Closely related to our faulty politics is the relegation of merit. Almost everything is done on the basis of ‘where-are-you-from’. The advanced world has shown us clearly that we can only achieve tamed progress with this kind of attitude. At a time in the United States, two Bush brothers were governors in two different states. If it were Nigeria, they would have been confined to Texas where their father was from. It matters not that they were born in different states and had contributed to its growth through tax payment and other means.

Except Lagos, Kaduna and a few others, indigenes of other states have no place in their civil service. Whether you were born and bred in those states mean nothing. You are from where your father comes from. Your mother’s state is irrelevant. Our problem is so compounded that some people will not even agree to sell landed properties to non-indigenes. The most ridiculous is when love affairs are put asunder because parents will not allow their son or daughter to marry from outside their state or tribe.

Even within the same state, the part where you come from also matters. It is not alone for you to be from Kwara or Lagos or Ogun. In some instances, what part of these states you come from also counts. For me, we can never grow with this sort of mentality.

In Yoruba land, some sub-ethnic group will not allow their children to marry from the Ijebu stock. The myth is that the Ijebu are fetish and can do anything for money. So for this ridiculous reason, love has been sacrificed. There is also the myth that Egba women are quick to abandon their husbands when things are tough. As a result of these, an Egba woman is no go area for some Yoruba. In the Southeast, some parts believe that they are the ‘superior’ Igbo.

What do we make of discrimination within the same town? Some towns are divided culturally into two, a situation which leads to what I once referred to as “one town, two people”. Loyalists of the two traditional rulers in such towns clash regularly and blood is shed. Yet, these are supposed to be one people.

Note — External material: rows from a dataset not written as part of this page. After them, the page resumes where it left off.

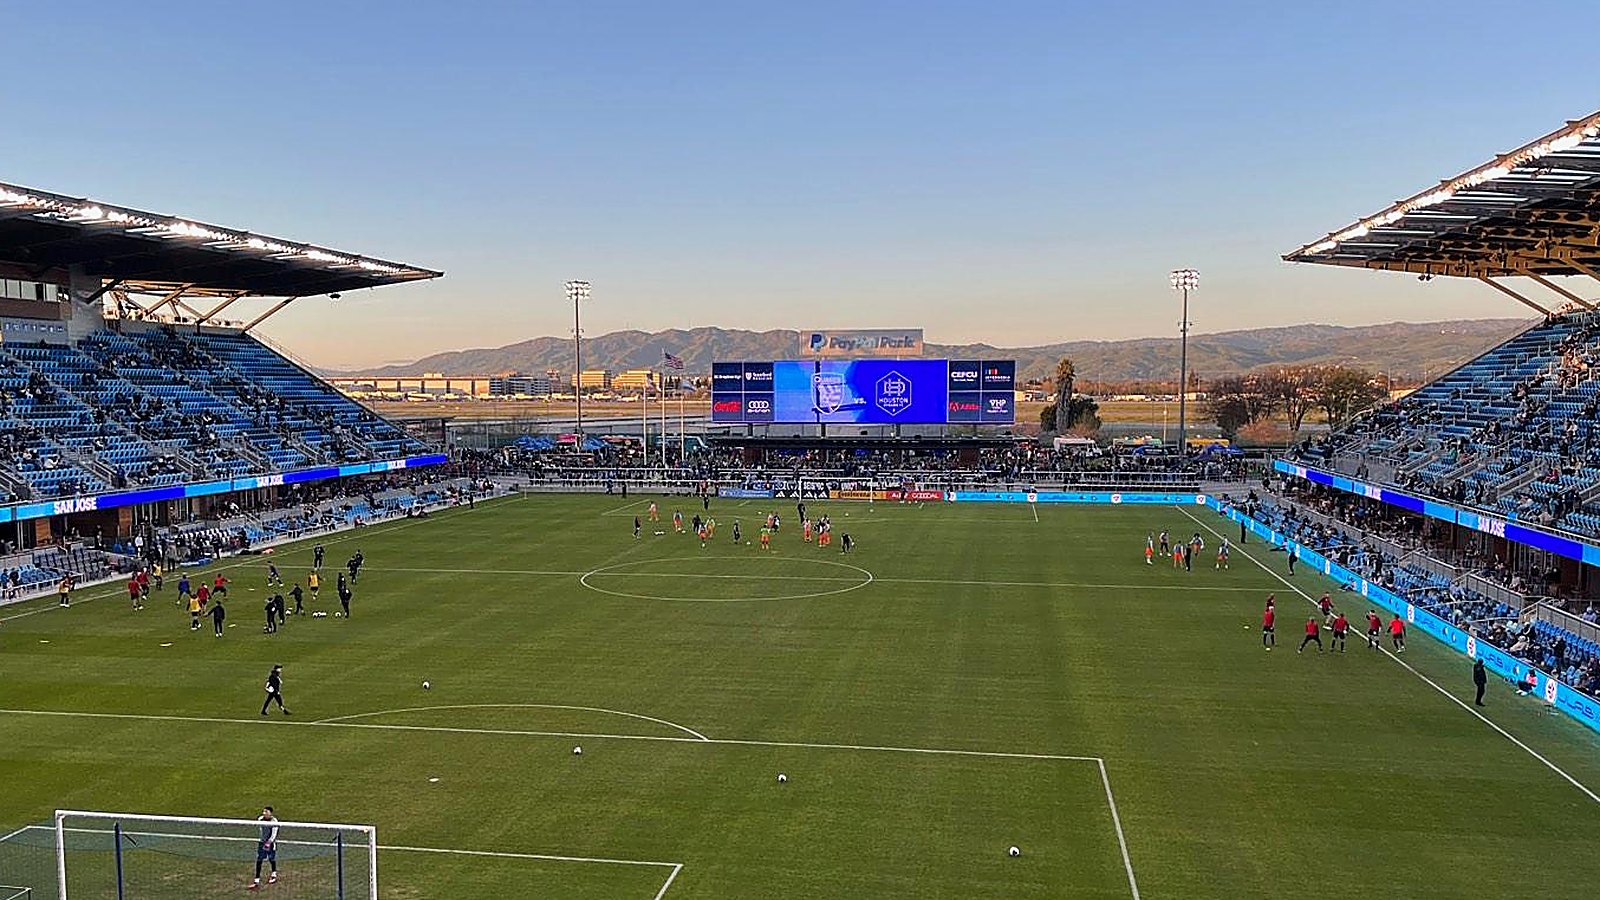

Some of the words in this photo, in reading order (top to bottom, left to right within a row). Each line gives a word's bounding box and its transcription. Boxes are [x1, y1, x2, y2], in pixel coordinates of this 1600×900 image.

[829, 336, 877, 351] PayPal
[880, 336, 917, 348] Park
[54, 499, 74, 515] SAN
[75, 496, 97, 512] JOSE
[1478, 515, 1490, 533] SAN
[1490, 518, 1506, 538] JOSE

They have been made two by tradition, which someone describes as “peer pressure from dead people”. The hatred dates back to ancestors who are long dead but their evil is living after them.

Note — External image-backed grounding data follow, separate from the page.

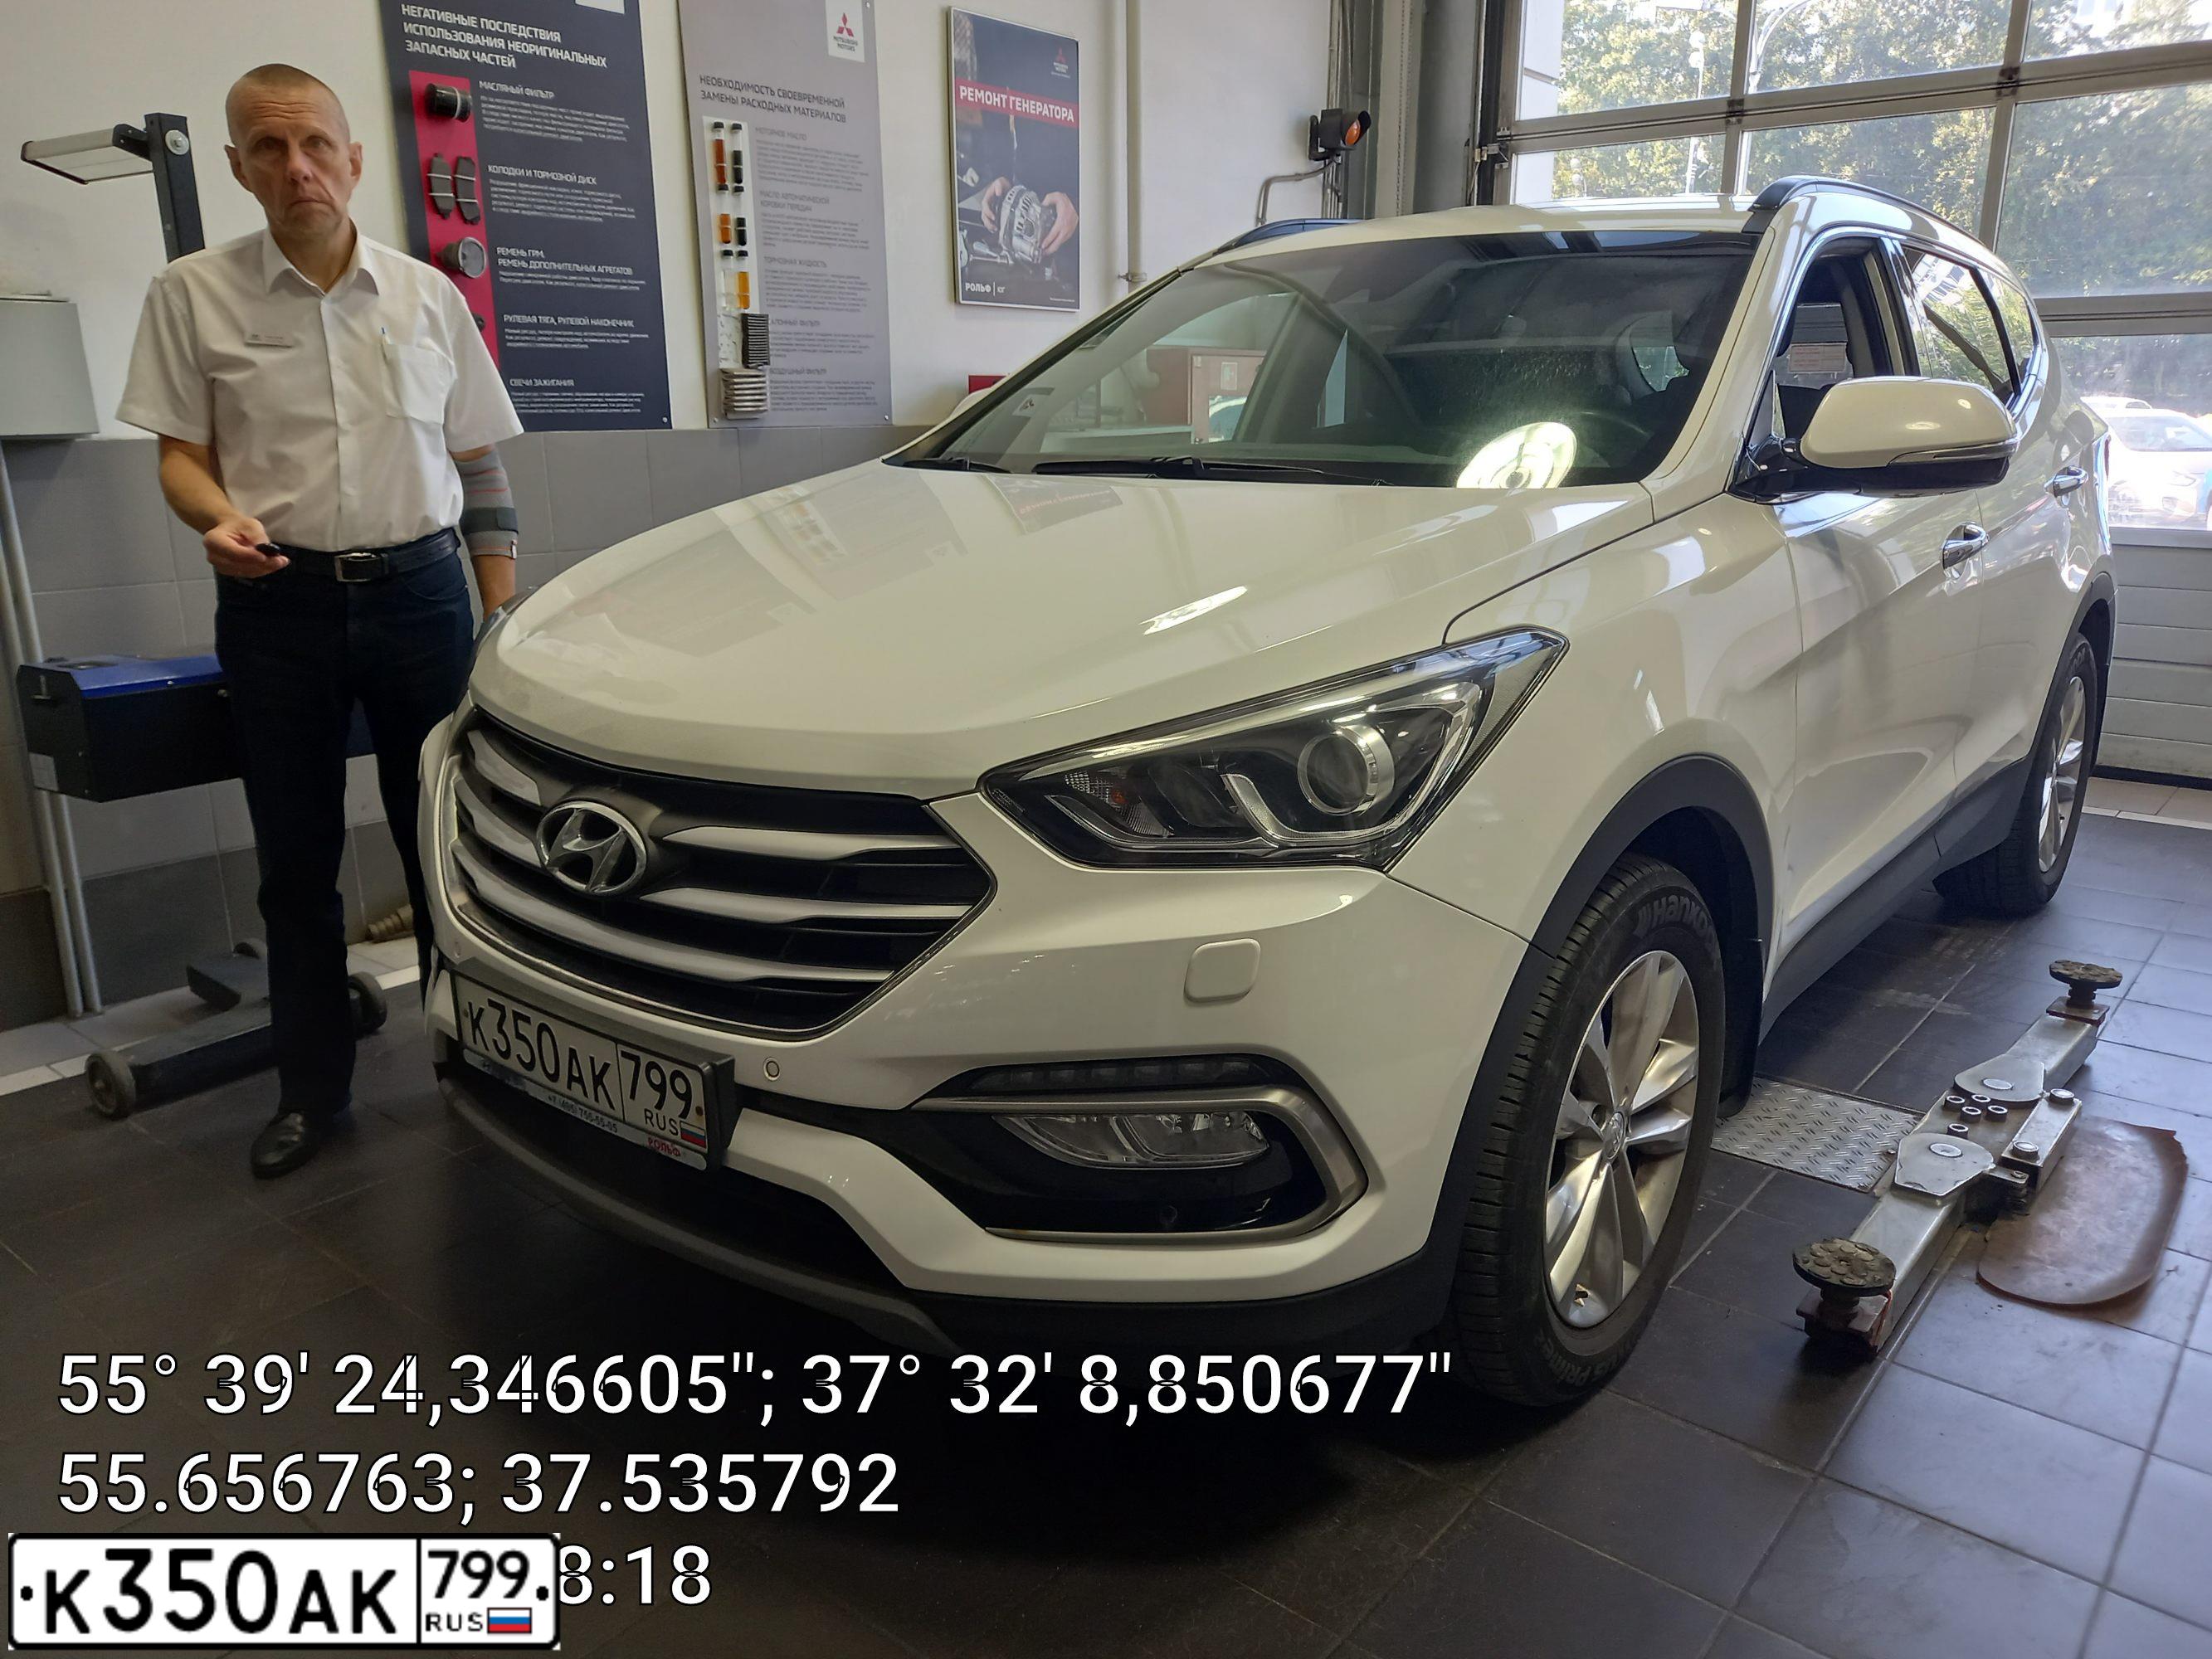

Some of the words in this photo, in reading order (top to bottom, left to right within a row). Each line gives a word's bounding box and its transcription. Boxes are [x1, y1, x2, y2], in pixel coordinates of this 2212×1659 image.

[402, 4, 478, 27] НЕГАТИВНЫЕ
[480, 18, 561, 42] ПОСЛЕДСТВИЯ
[403, 22, 505, 50] ИСПОЛЬЗОВАНИЯ
[508, 40, 607, 68] НЕОРИГИНАЛЬНЫХ
[405, 40, 470, 61] ЗАПАСНЫХ
[472, 51, 516, 68] ЧАСТЕЙ
[479, 80, 523, 95] МАСЛЯНЫЙ
[524, 88, 555, 100] ФИЛЬТР
[699, 75, 775, 96] НЕОБХОДИМОСТЬ
[777, 88, 845, 109] СВОЕВРЕМЕННОЙ
[959, 85, 1007, 109] РЕМОНТ
[1009, 92, 1074, 123] ГЕНЕРАТОРА
[700, 90, 738, 105] ЗАМЕНЫ
[741, 98, 792, 114] РАСХОДНЫХ
[794, 106, 846, 123] МАТЕРИАЛОВ
[488, 165, 524, 177] КОЛОДКИ
[534, 170, 577, 182] ТОРМОЗНОЙ
[577, 175, 597, 185] ДИСК
[497, 247, 527, 258] РЕМЕНЬ
[498, 259, 529, 268] РЕМЕНЬ
[529, 261, 597, 272] ДОПОЛНИТЕЛЬНЫХ
[965, 282, 992, 293] РОЛЬФ
[504, 314, 537, 324] РУЛЕВАЯ
[621, 1050, 693, 1120] 799
[644, 1108, 679, 1136] RUS
[647, 1137, 681, 1157] РОЛЬФ

If people within the same town cannot accept one another, how can we blame people from different ethnic groups? But what really should matter is the fact that Nigeria is one country which needs all of us to work as one to get it out of the crossroads. We are in trouble and everybody is needed to run and help the area they are born or where they reside.

The tight corner that the challenge of state of origin has pushed us into has seen people committing perjury to claim a state that will help them get the best of every situation. Not a few have been known to claim Lagos today and shift to Ogun the next day. A sizeable number of students in our universities have had to pay a bribe to get documents showing they are from a catchment area. This would not have been the case if you are allowed to claim where you reside or were born, instead of where your ancestors hailed from. In states where governments pay bursaries to indigenes, forged documents are used by students to be eligible.

My final take: Nigeria is a super-important country and because of this, our primary healthcare system deserves utmost attention. Our education deserves the chunk of our energy and resources. There is no justification why the quality and funding of our education and primary health care system are below some countries with lower-income.

Our government should be responsive to our least-empowered citizens, and give more support for farmers to adapt to climate change’s worst effects. We can do better.